TASK PROMPT:
Write all entries out exactly, images excluded.

PROVIDED ENTRIES:

---*---

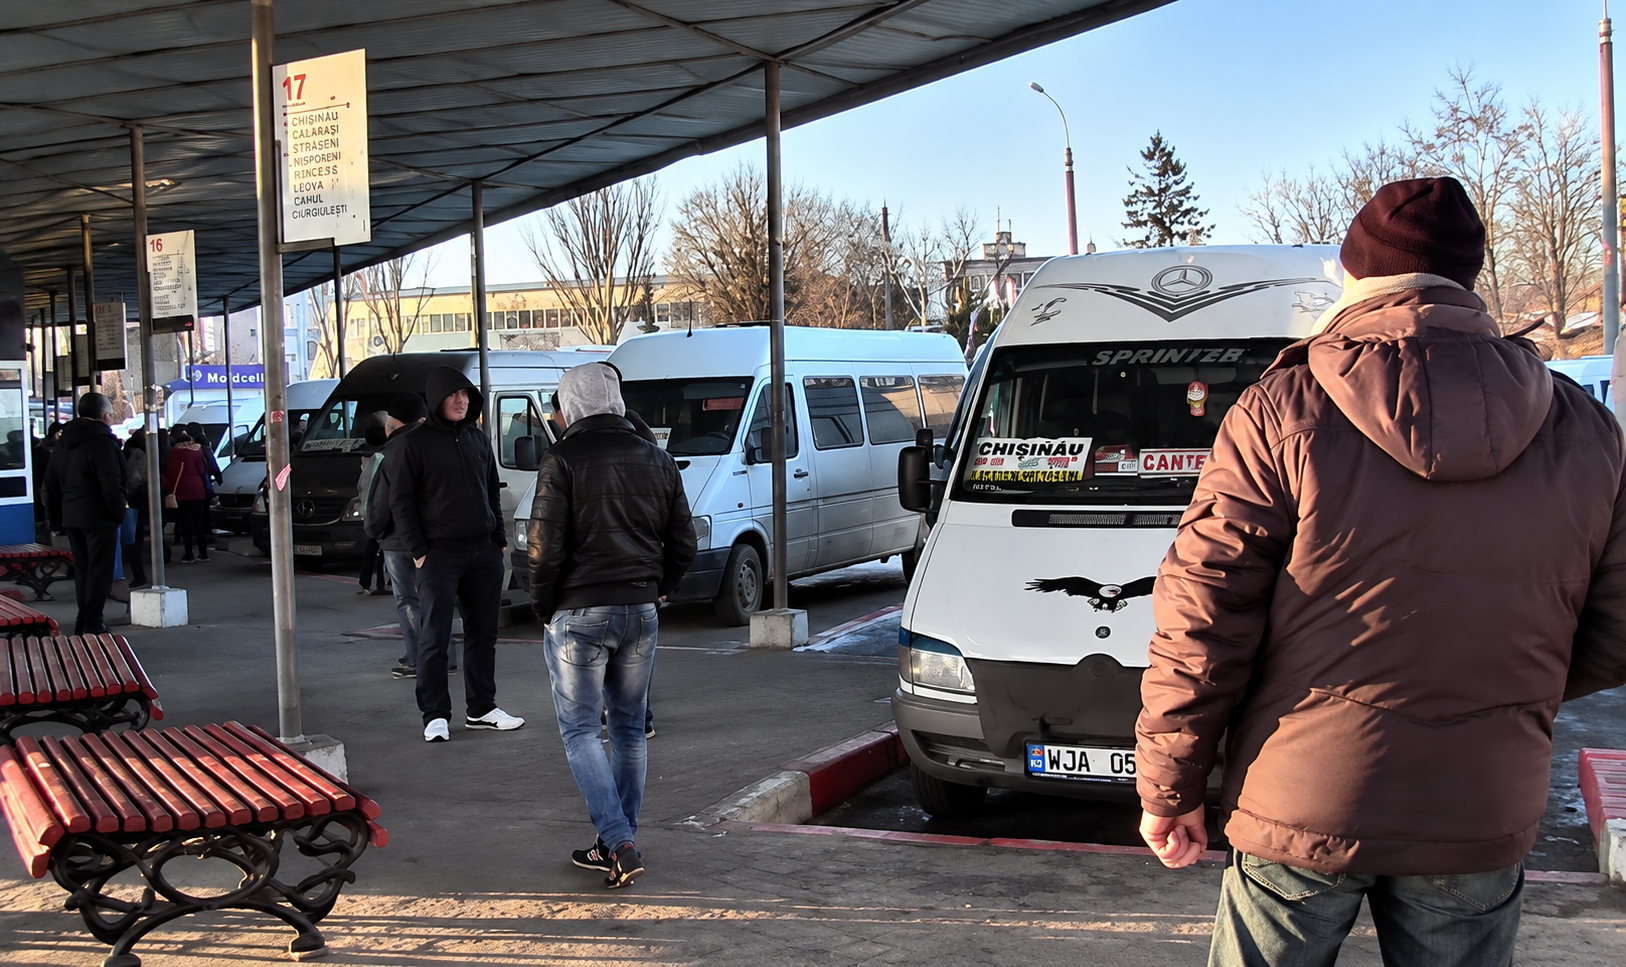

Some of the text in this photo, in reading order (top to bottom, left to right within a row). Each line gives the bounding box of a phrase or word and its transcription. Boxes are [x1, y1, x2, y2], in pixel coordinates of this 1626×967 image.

[282, 73, 307, 101] 17
[294, 151, 342, 167] NISPORENI
[293, 180, 324, 193] LEOVA
[294, 193, 324, 206] CAHUL
[149, 238, 163, 252] 16
[207, 372, 264, 384] Modcell
[1047, 748, 1137, 775] WJA 05

---*---

SOLUTION FOR THIS TASK:
Some of the text in this photo, in reading order (top to bottom, left to right within a row). Each line gives the bounding box of a phrase or word and its transcription. Boxes are [x1, y1, x2, y2], in pixel coordinates of this 1626×967 image.

[282, 73, 307, 101] 17
[294, 151, 342, 167] NISPORENI
[293, 180, 324, 193] LEOVA
[294, 193, 324, 206] CAHUL
[149, 238, 163, 252] 16
[207, 372, 264, 384] Modcell
[1047, 748, 1137, 775] WJA 05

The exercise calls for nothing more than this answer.